The scientists did not want to leave it there, however. There were too many associated questions, such as whether exceptional heat waves had already left their mark on the crab numbers in the past? To this end the researchers compared the crab catch data of the Venetian fishermen from the years of 1940 to 2009 with the weather data for this period. “During this comparison we established that the fishermen most definitely feel the impact of the consequences of an exceptional heat wave at the time of spawning – however, always two years later, i.e. when those crabs which died as embryos would reach the sexual maturity. The animals require precisely these two years to grow from a young animal into an adult crab”, says Folco Giomi.
He and his German colleague Prof. Hans-Otto Pörtner draw two conclusions from these research results. “The study firstly shows that climate change also affects those species which have a relatively high temperature tolerance. This would appear to always apply in regions in which they reach the limits to their temperature-dependent prevalence“, says Hans-Otto Pörtner, head of the Integrative Ecophysiology working group at the Alfred Wegener Institute. “This finding is really important”, adds Folco Giomi: “If we must assume that even temperature-robust species such as the shore crab are only to be found in small quantities in some regions as a result of the progressive climate change, species with a higher temperature sensitivity have even poorer future prospects.”

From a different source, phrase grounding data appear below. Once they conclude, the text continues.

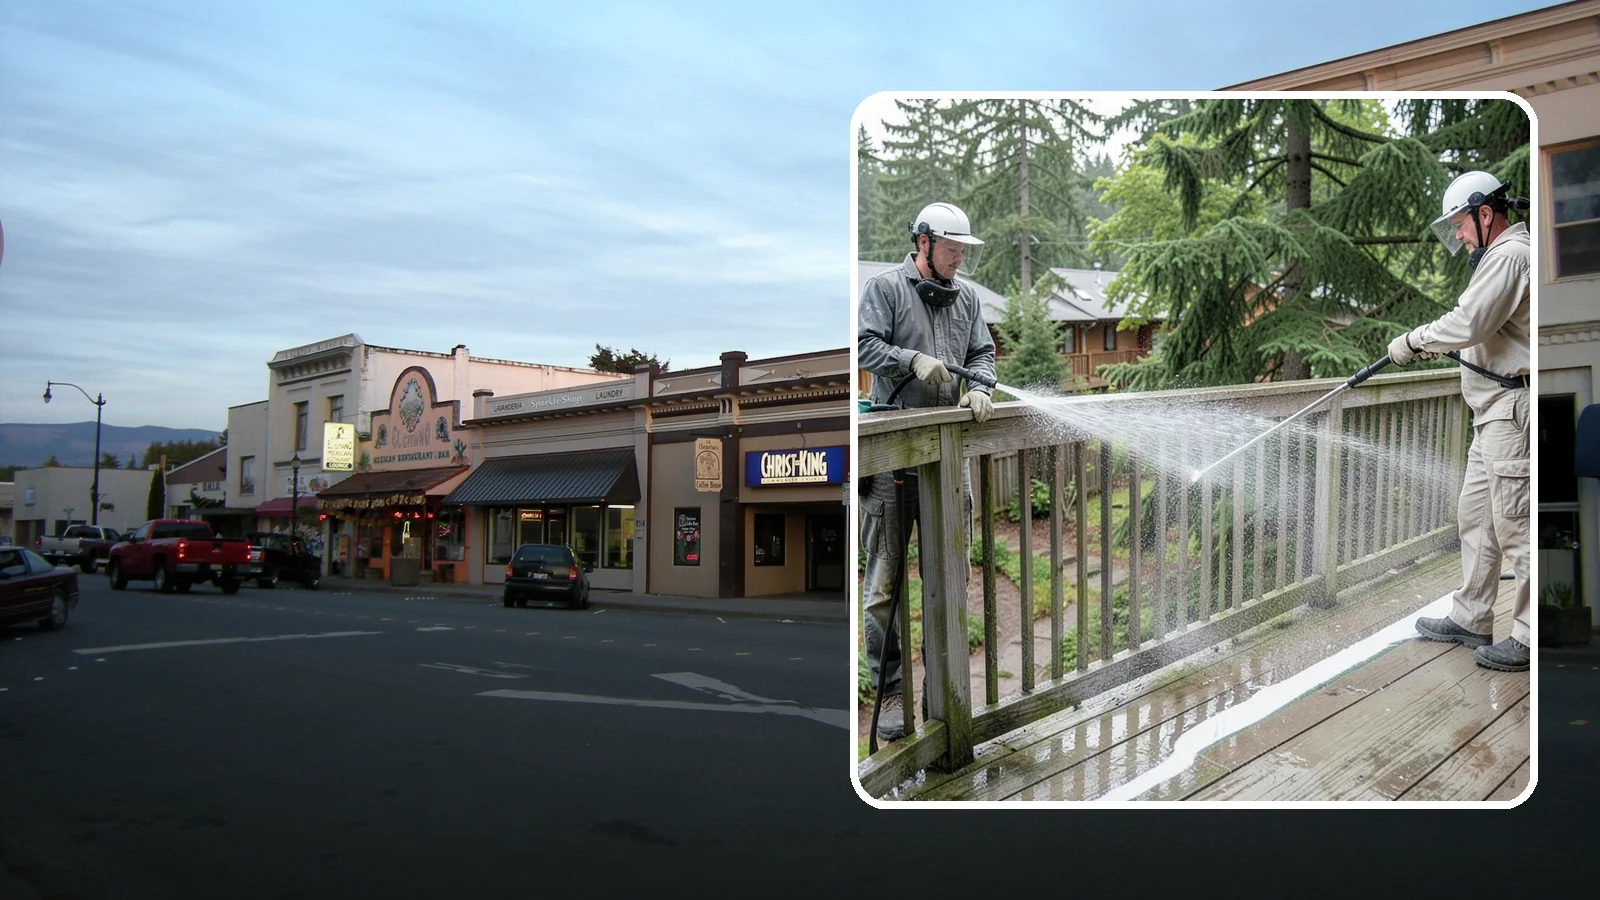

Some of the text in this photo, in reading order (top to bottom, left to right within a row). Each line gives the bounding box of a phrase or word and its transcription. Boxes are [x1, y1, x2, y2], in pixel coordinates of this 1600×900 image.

[493, 389, 624, 413] LAVANDERIA Sparkle Shop LAUNDRY
[373, 455, 396, 464] MEXICAN
[397, 451, 433, 462] RESTAURANT
[438, 450, 450, 459] BAR
[760, 450, 827, 478] CHRIST KING
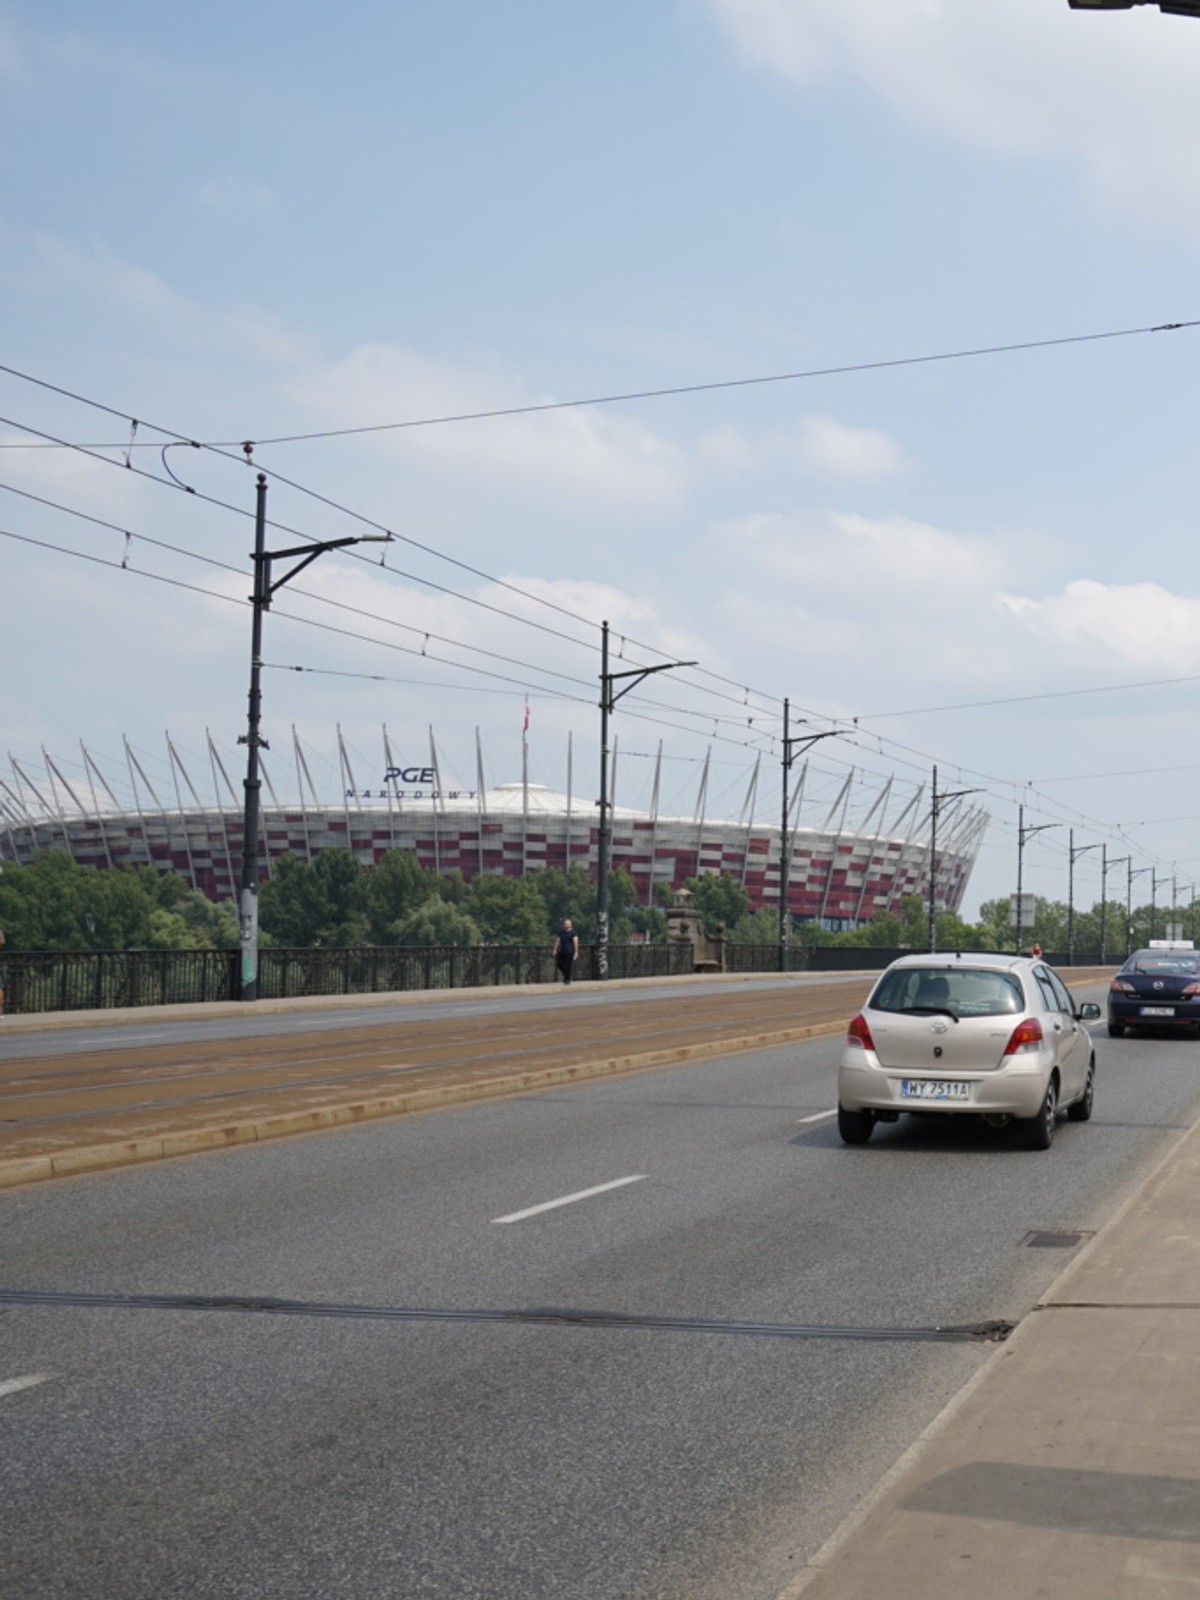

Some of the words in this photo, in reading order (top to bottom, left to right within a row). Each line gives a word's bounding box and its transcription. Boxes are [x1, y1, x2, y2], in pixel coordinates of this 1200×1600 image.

[383, 767, 435, 783] PGE
[344, 790, 476, 799] NARODOWY
[909, 1082, 926, 1093] WY
[930, 1083, 966, 1094] 7511A

Secondly, scientists and fishermen ought to see the results as an opportunity to give thought to a sustainable crab fishing strategy which is adjusted to climate change. “The shore crabs living in the Mediterranean are in a geographical dead end in view of the increasing global warming. They are only seldom able to find retreats during heat waves which is why we cannot rule out that this species will become extinct in some regions”, says Hans-Otto Pörtner.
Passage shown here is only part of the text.